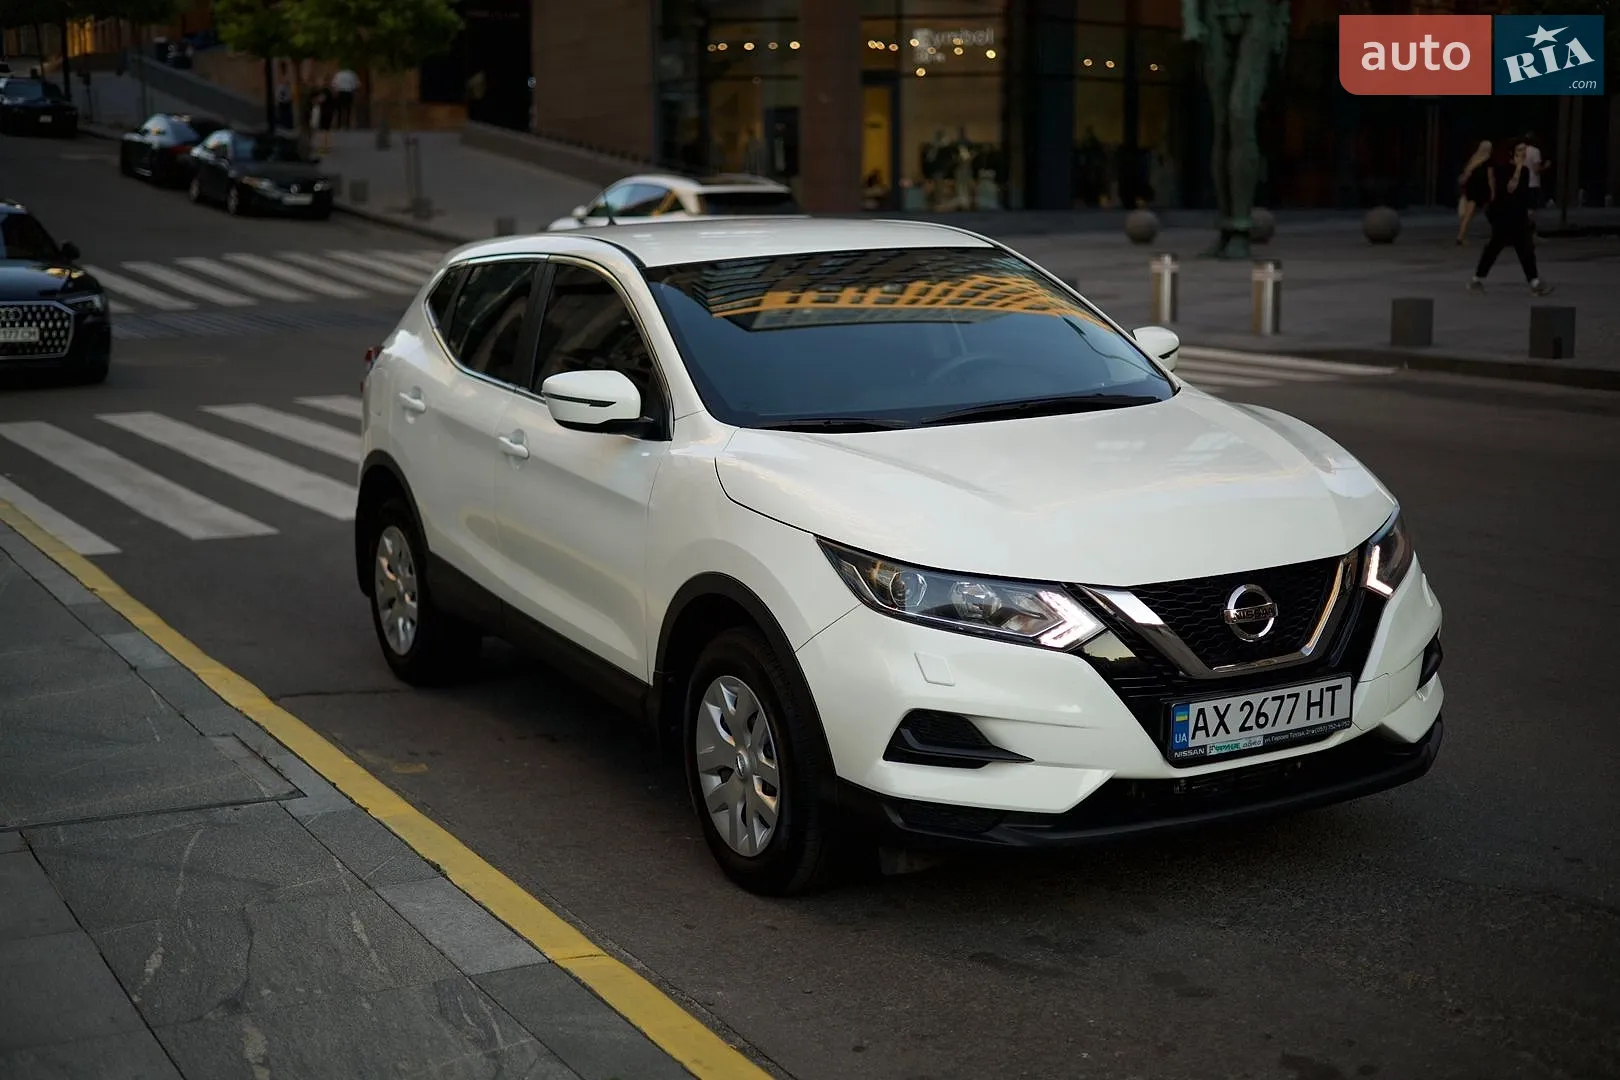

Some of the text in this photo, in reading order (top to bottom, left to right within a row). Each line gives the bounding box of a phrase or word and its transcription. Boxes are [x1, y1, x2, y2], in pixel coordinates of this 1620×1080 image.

[1191, 703, 1232, 740] AX
[1239, 692, 1301, 733] 2677
[1306, 684, 1343, 721] HT
[1174, 733, 1188, 743] UA
[1174, 747, 1205, 758] NISSAN
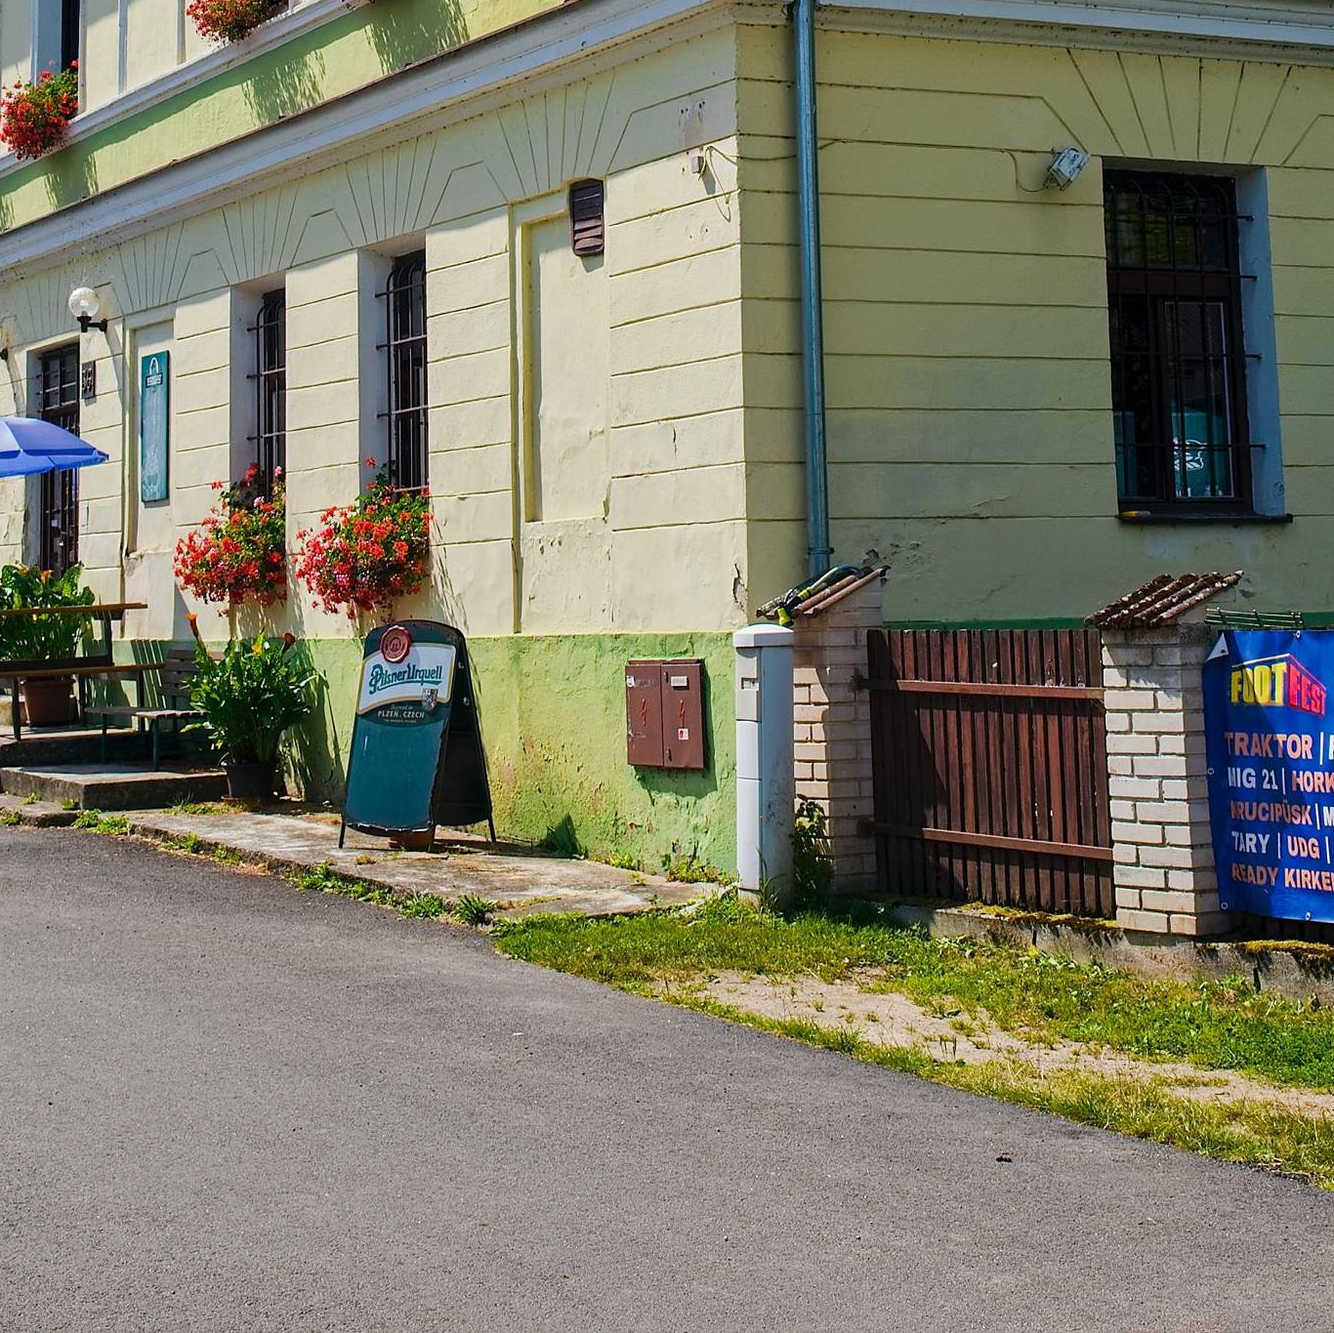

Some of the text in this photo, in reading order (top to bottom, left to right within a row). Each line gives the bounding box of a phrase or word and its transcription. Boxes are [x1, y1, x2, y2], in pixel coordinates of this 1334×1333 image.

[369, 662, 443, 695] Pilsner Urquell
[1224, 731, 1313, 760] TRAKTOR
[1261, 768, 1279, 790] 21
[1287, 835, 1321, 859] UDG
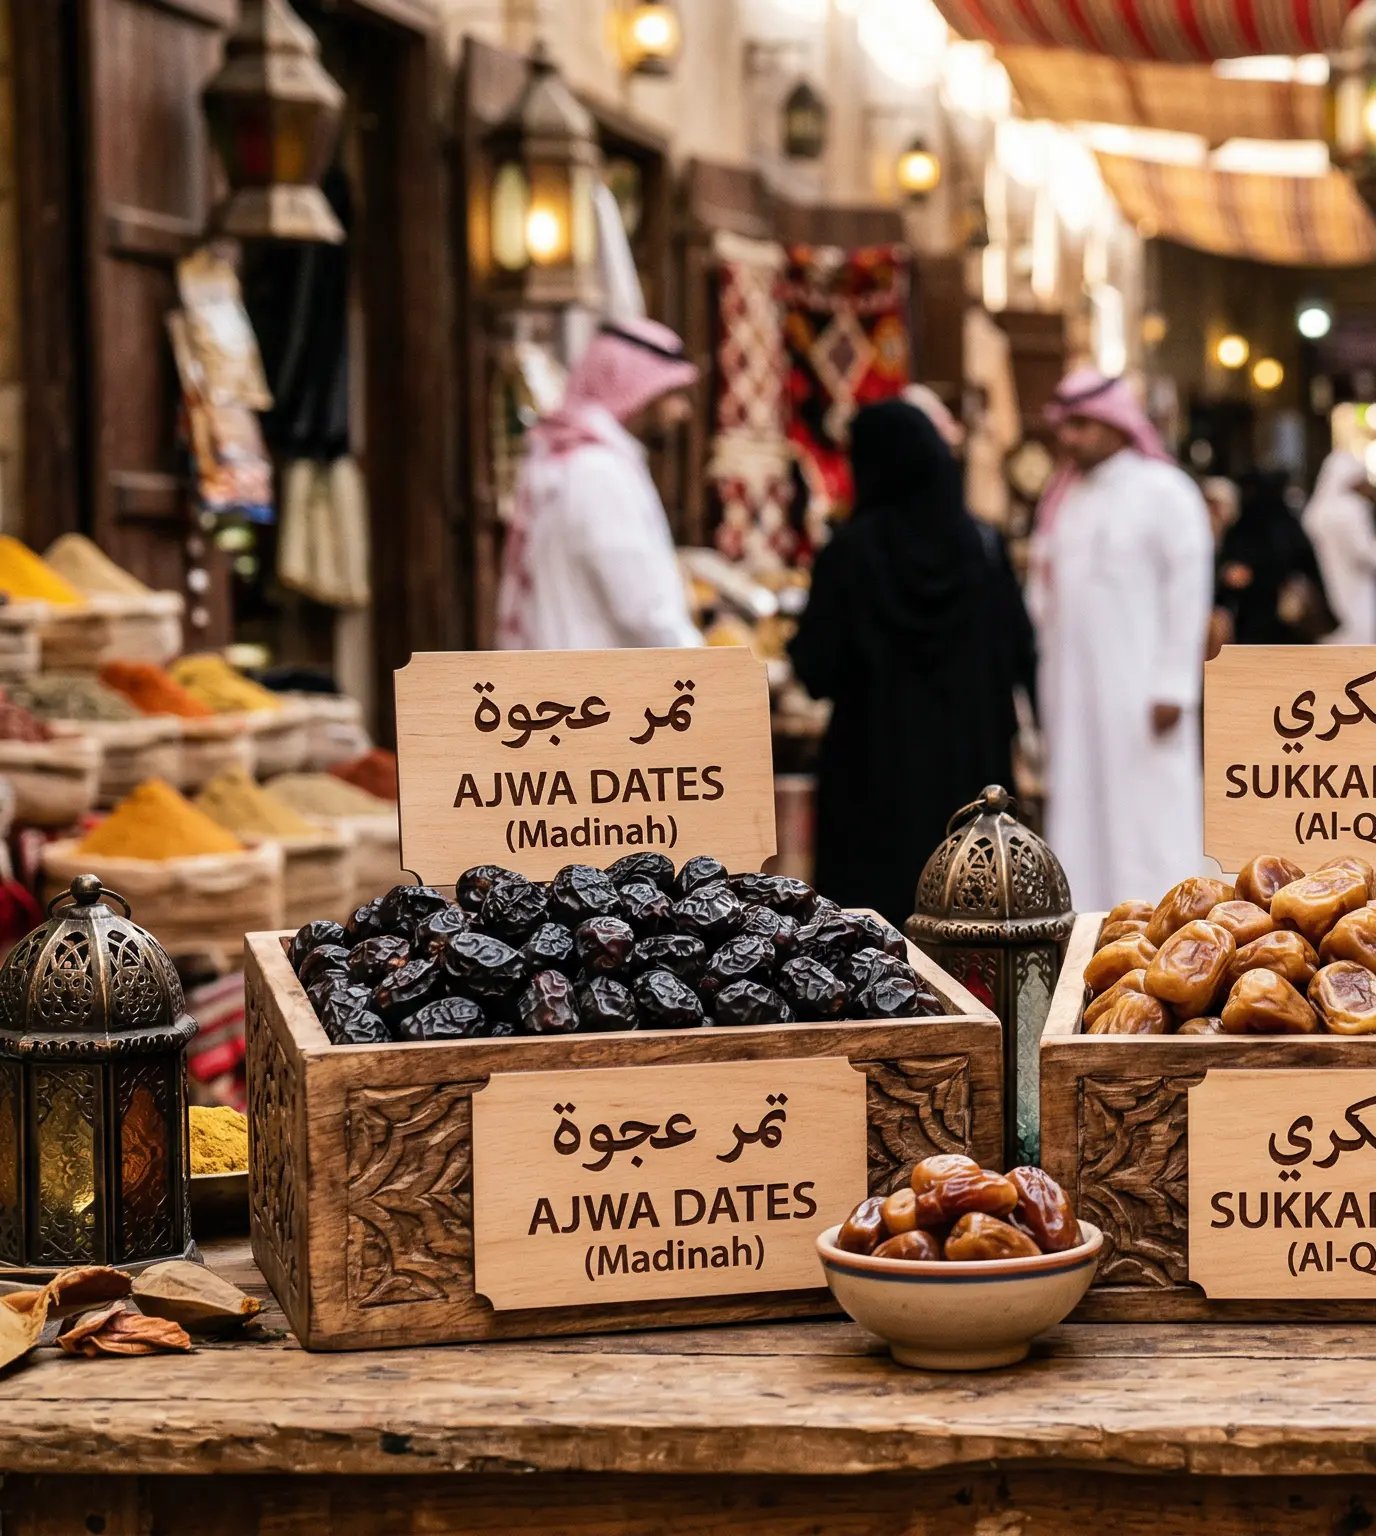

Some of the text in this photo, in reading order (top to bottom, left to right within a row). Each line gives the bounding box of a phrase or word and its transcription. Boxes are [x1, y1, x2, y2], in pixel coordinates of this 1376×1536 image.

====================

Work task:
The reply should repeat the listing above exactly and contain no pictures.

Answer section:
Some of the text in this photo, in reading order (top to bottom, left to right within a row). Each line gives the bounding box of a phrase or word and its transcription. Boxes are [x1, y1, x2, y2], in pixel coordinates of this 1620×1080 image.

[1191, 703, 1232, 740] AX
[1239, 692, 1301, 733] 2677
[1306, 684, 1343, 721] HT
[1174, 733, 1188, 743] UA
[1174, 747, 1205, 758] NISSAN

Some of the text in this photo, in reading order (top to bottom, left to right within a row). Each line gives the bounding box of a phrase or word and its transcription. Boxes are [x1, y1, x2, y2], in pixel coordinates of this 1334×1333 image.

[369, 662, 443, 695] Pilsner Urquell
[1224, 731, 1313, 760] TRAKTOR
[1261, 768, 1279, 790] 21
[1287, 835, 1321, 859] UDG

Some of the text in this photo, in reading order (top to bottom, left to right within a row). Each line gives the bounding box of a phrase or word and its transcription. Boxes are [x1, y1, x2, y2], in pixel coordinates of this 1376×1536 image.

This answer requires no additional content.